Il tendit à Elom une tige de cuivre terminée par une boucle.

— Tu plonges lentement. Tu racles ce qui flotte. Si ça accroche : tu tires. Si ça fuit : tu laisses. Tout ce qui veut rester, reste. Tout ce qui se laisse prendre est prêt.

Elom acquiesça. Il plongea l’outil. Une sensation étrange le parcourut — comme si le silence du bassin remontait le long de ses bras. Il toucha quelque chose de souple. Un fragment. Il le ramena doucement à la surface. C’était une peau de mot. Un morceau de phrase sans lettres, mais dont l’intérieur semblait vibrer encore, comme un organe asséché. Il le déposa dans un plateau tapissé de sable et de cendre linguistique. Le fragment émit un soupir à peine audible — un relâchement.

Orvain ajouta :

— Tu ne peux pas lire ce qu’il a été. Mais tu peux sentir ce qu’il veut encore.

Autour d’eux, les autres bassins étaient calmes. Mais à chacun, des mains œuvraient.

Un Légifère, aux tempes blanches, extrayait un fragment rougeâtre qu’il déposait dans un bol de sel cristallisé. Une apprentie, concentrée, notait des pulsations perçues sur un vélin de stabilisation. Un Gardien de Nominalité semblait prier à voix très basse, les mains suspendues au-dessus d’un fragment qui refusait de se déposer.

Personne ne parlait pour expliquer. Le geste était le savoir. Le silence, la méthode.

Elom reprit l’outil. Plongea. Dégagea un autre fragment. Puis un autre. Certains se dissolvaient au contact. D’autres tentaient de s’éloigner. Un mot — ou son cadavre — s’enroula autour de la boucle, puis s’effondra en poussière au contact de la cendre.

Il se redressa.

— Est-ce que certains… restent longtemps ?

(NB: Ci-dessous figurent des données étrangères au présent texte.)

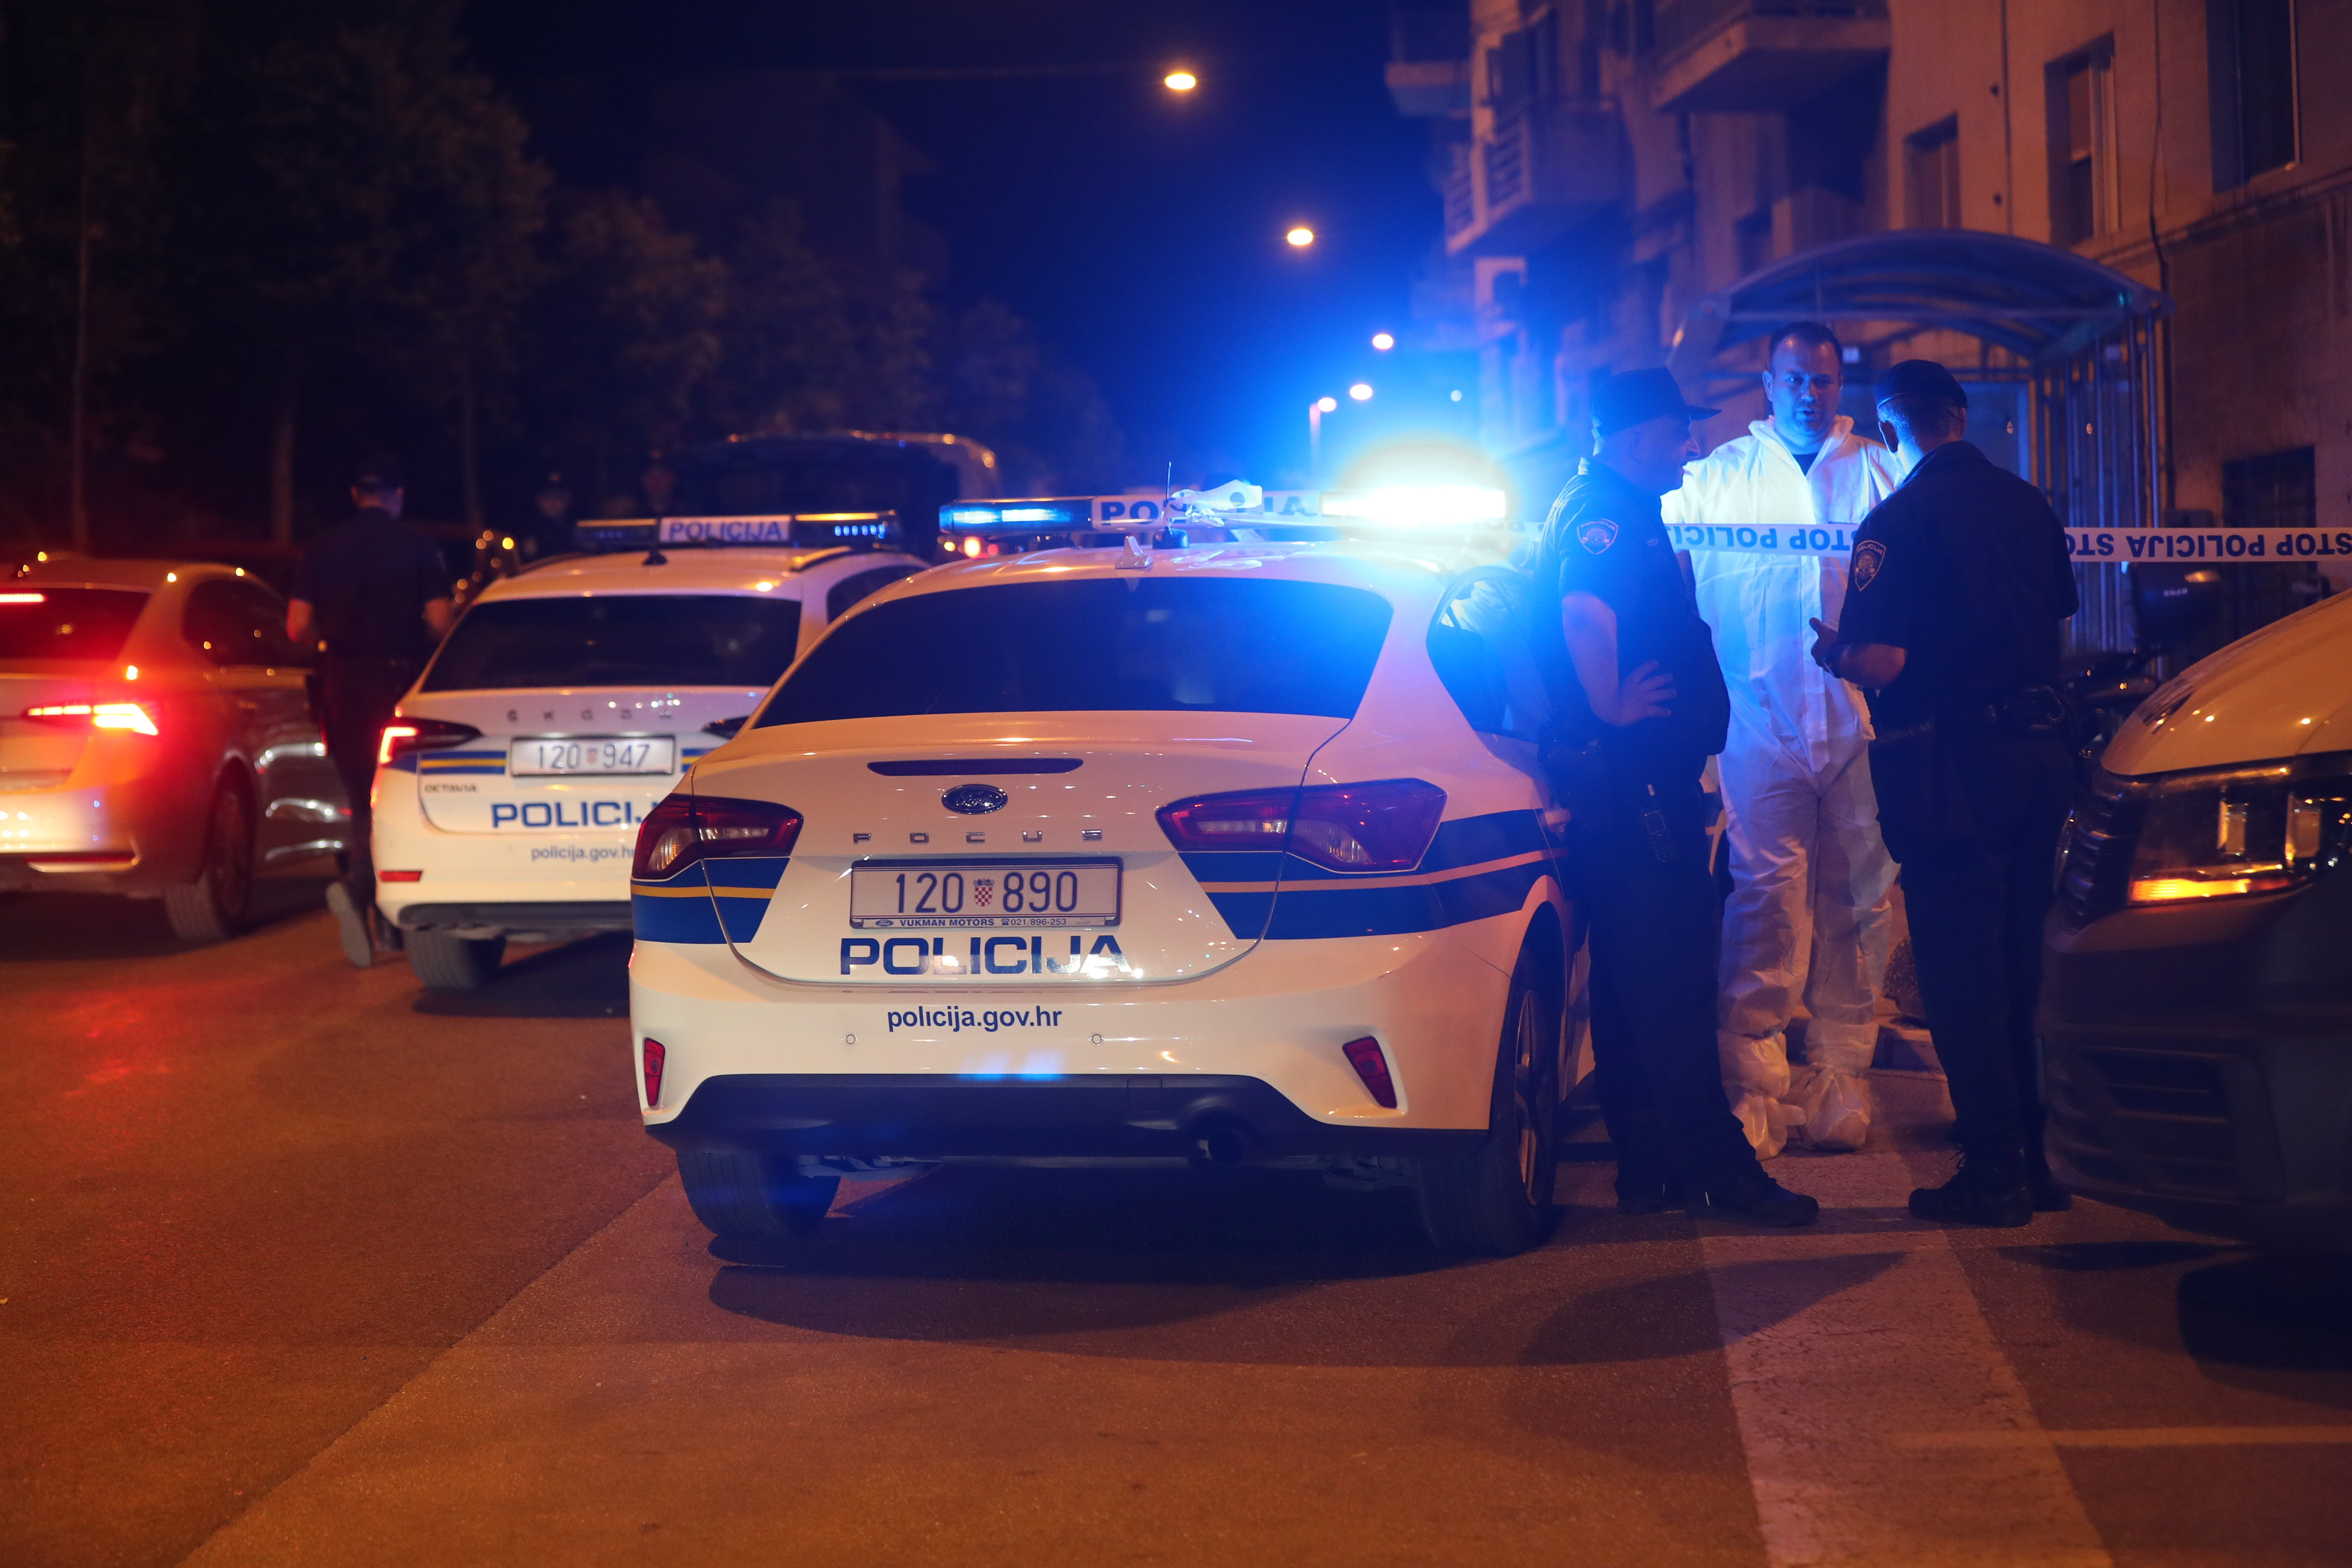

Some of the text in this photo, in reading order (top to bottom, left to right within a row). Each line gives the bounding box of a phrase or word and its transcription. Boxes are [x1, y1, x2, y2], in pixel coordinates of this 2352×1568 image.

[670, 521, 781, 540] POLICIJA
[1789, 529, 1855, 551] TOP
[2126, 534, 2265, 557] POLICIJA
[2276, 533, 2352, 555] STOP
[539, 742, 649, 769] 120 947
[853, 829, 1102, 843] FOCUS
[896, 871, 1078, 913] 120 890
[900, 919, 946, 927] VUKMAN
[949, 918, 995, 926] MOTORS
[840, 935, 1133, 975] POLICIJA
[888, 1006, 1062, 1032] policija.gov.hr
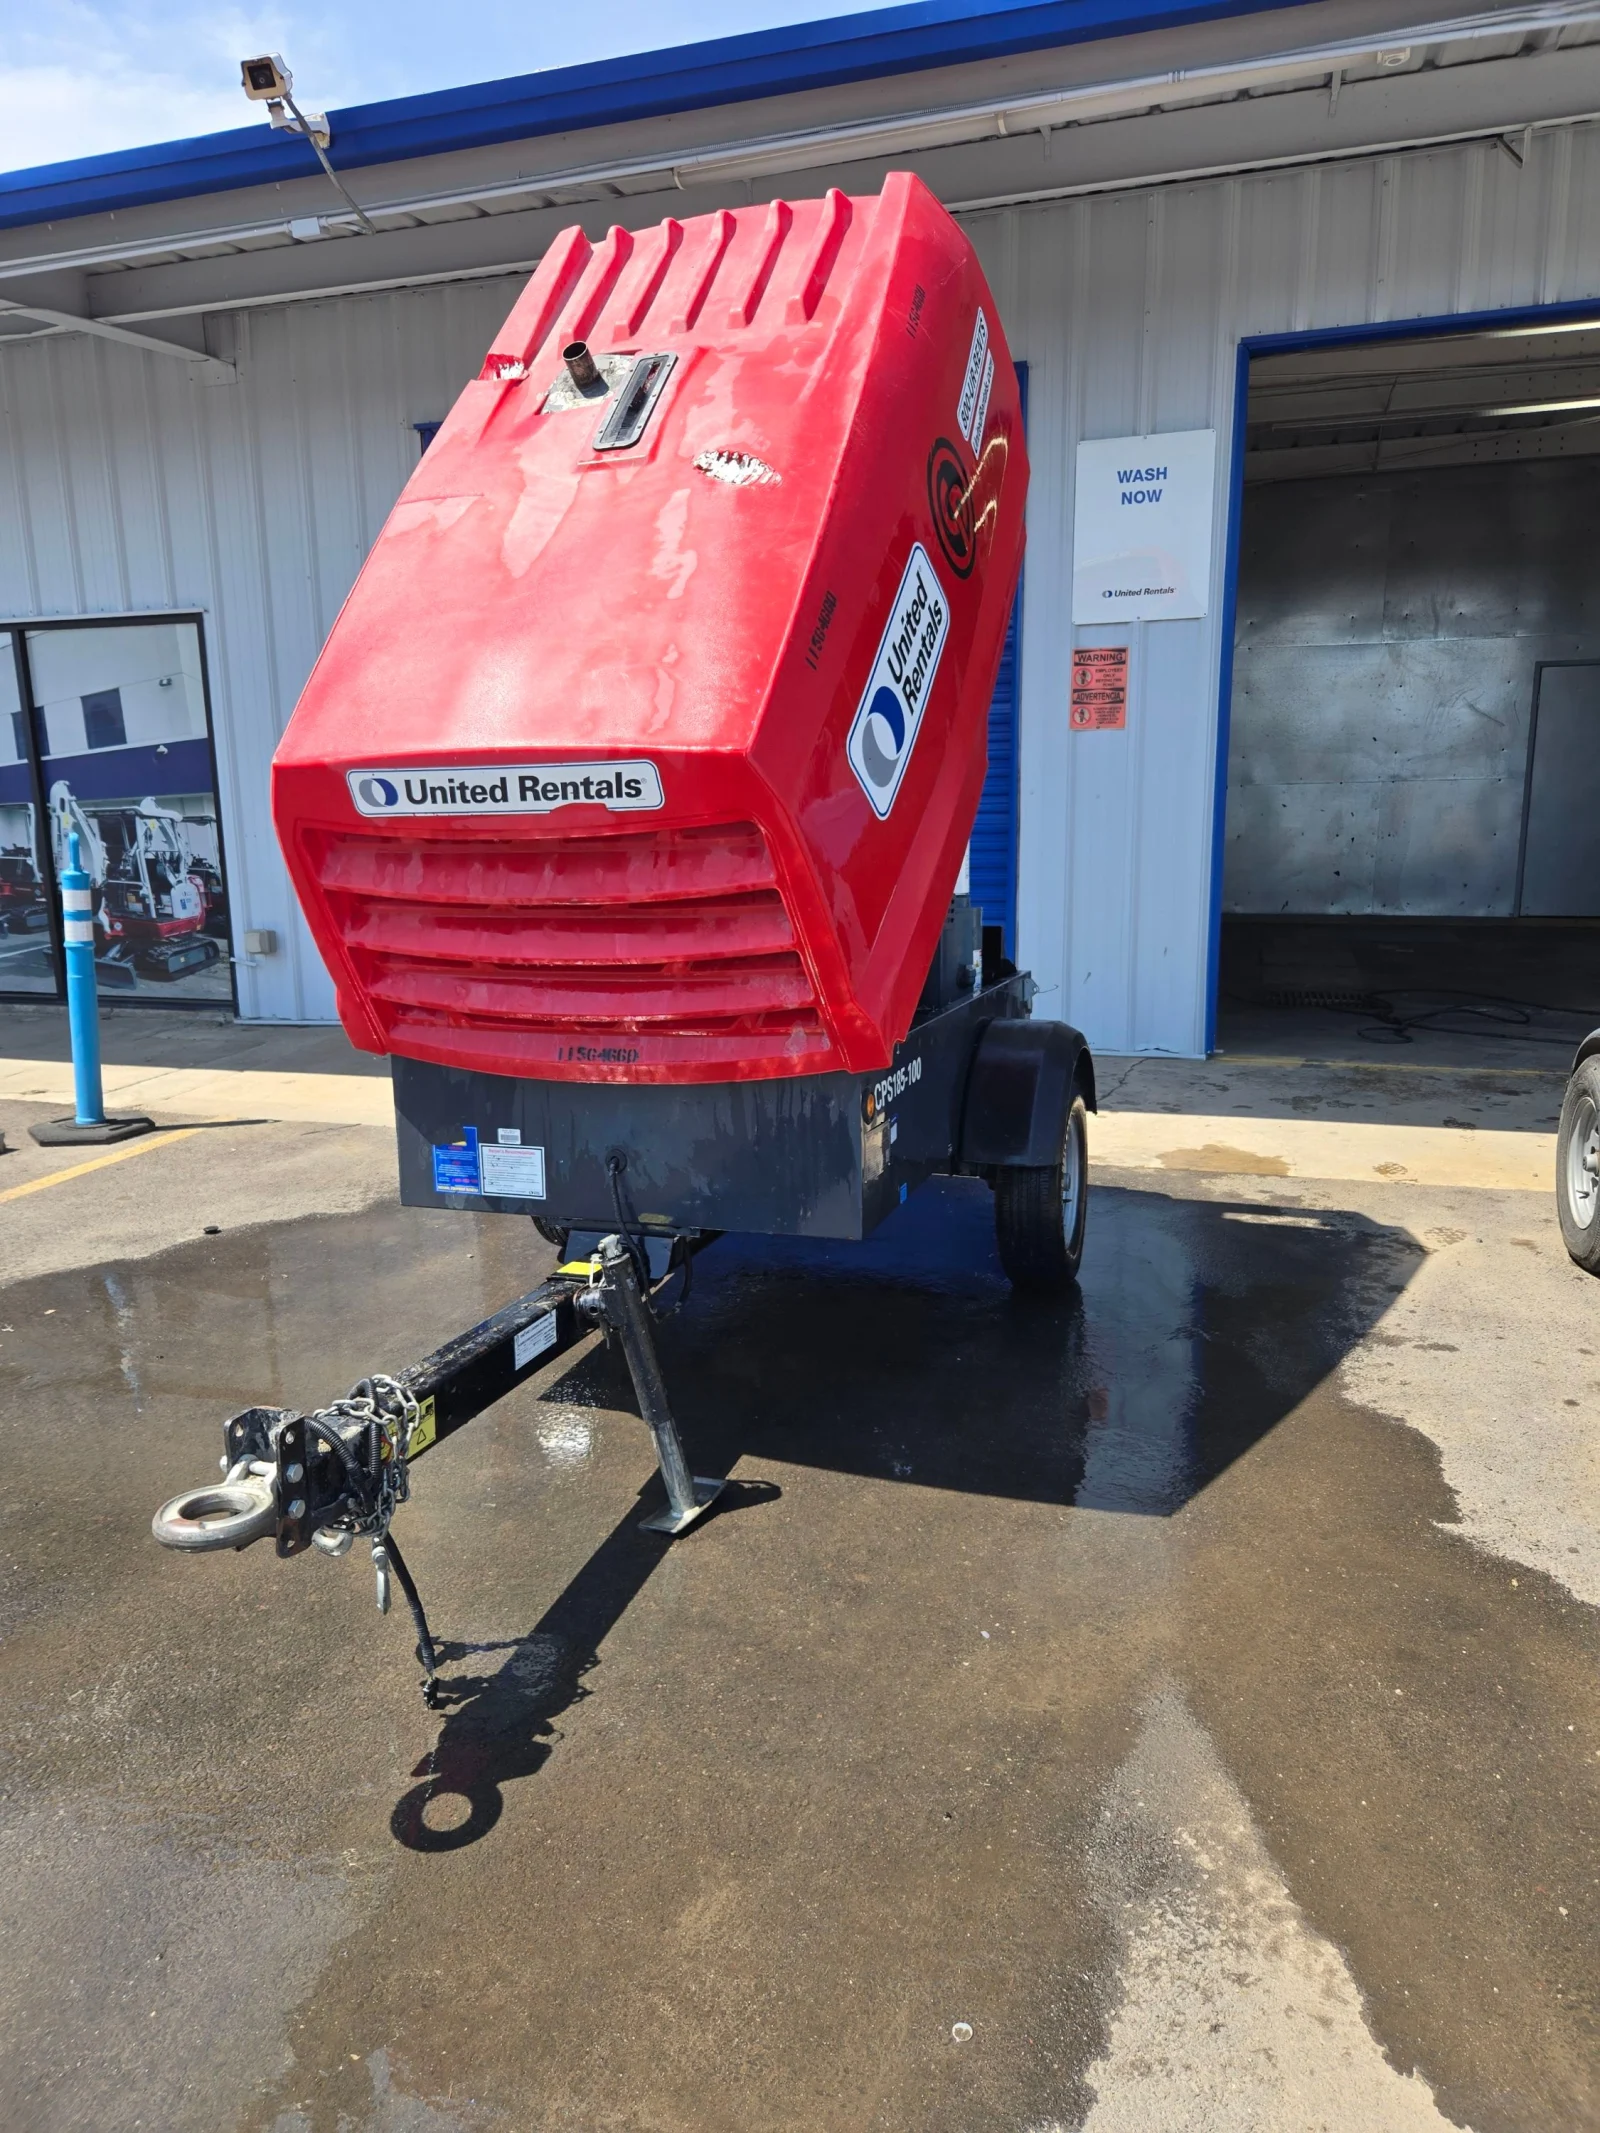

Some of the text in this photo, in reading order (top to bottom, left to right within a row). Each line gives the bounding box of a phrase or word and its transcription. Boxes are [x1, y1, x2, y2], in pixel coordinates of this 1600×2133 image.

— Oui. Et ils grossissent. Ils changent. Un jour, ils se prennent pour des noms. Et s’ils parviennent à remonter, ils s’inscrivent.

— Et alors ?

— Alors, quelqu’un les prononce. Et tout recommence. Les mots mal-nommés, les délitements…

Elom sentit quelque chose d’autre. Un fragment ne se laissa pas extraire, mais qui ne fuyait pas pour autant. Il monta seul, sans être cherché. À sa surface, rien de clair. Une courbe pâle, une épaisseur flottante. Il se pencha. Dans le miroir de la surface, il vit un homme. Un reflet âgé. Les traits tirés. Les yeux fixes. Le silence du regard plus profond. Il ne bougea pas. Il laissa ce visage le fixer. Il ne comprenait pas. Mais il savait. Quelque chose en lui, en eux, se reconnaissaient. Puis l’image disparut. Comme une page qu’on tourne trop vite. Il recula. Reprit son souffle.

Ils sortirent de la salle sans dire un mot. Le silence semblait les suivre comme une seconde peau, invisible, mais présente. Les couloirs paraissaient plus longs, les pas plus denses. Au croisement d’un escalier et d’une rampe inclinée, Orvain s’arrêta. Il renifla légèrement l’air, comme s’il captait une rémanence familière.

— Tu as faim ?

Elom tourna la tête, surpris par cette phrase inattendue après l’étrangeté du bassin.

— Je crois… oui.

Orvain esquissa un demi-sourire.

— Alors viens. Il y a un endroit. Pas loin. On n’y sert que ce qu’on sait faire. Et c’est déjà beaucoup.

Ils descendirent deux niveaux encore, puis traversèrent un passage voûté en ogive, dont les murs étaient tapissés de feuillets phrastiques asséchés, suspendus par des clous de cuivre. Certains dataient d’avant la 12e Consolidation. Personne n’y touchait. Au fond, une porte entrouverte laissait filtrer une lumière orangée et tiède. Une enseigne gravée directement dans la pierre indiquait, en lettres courbes : Le Sillon Court.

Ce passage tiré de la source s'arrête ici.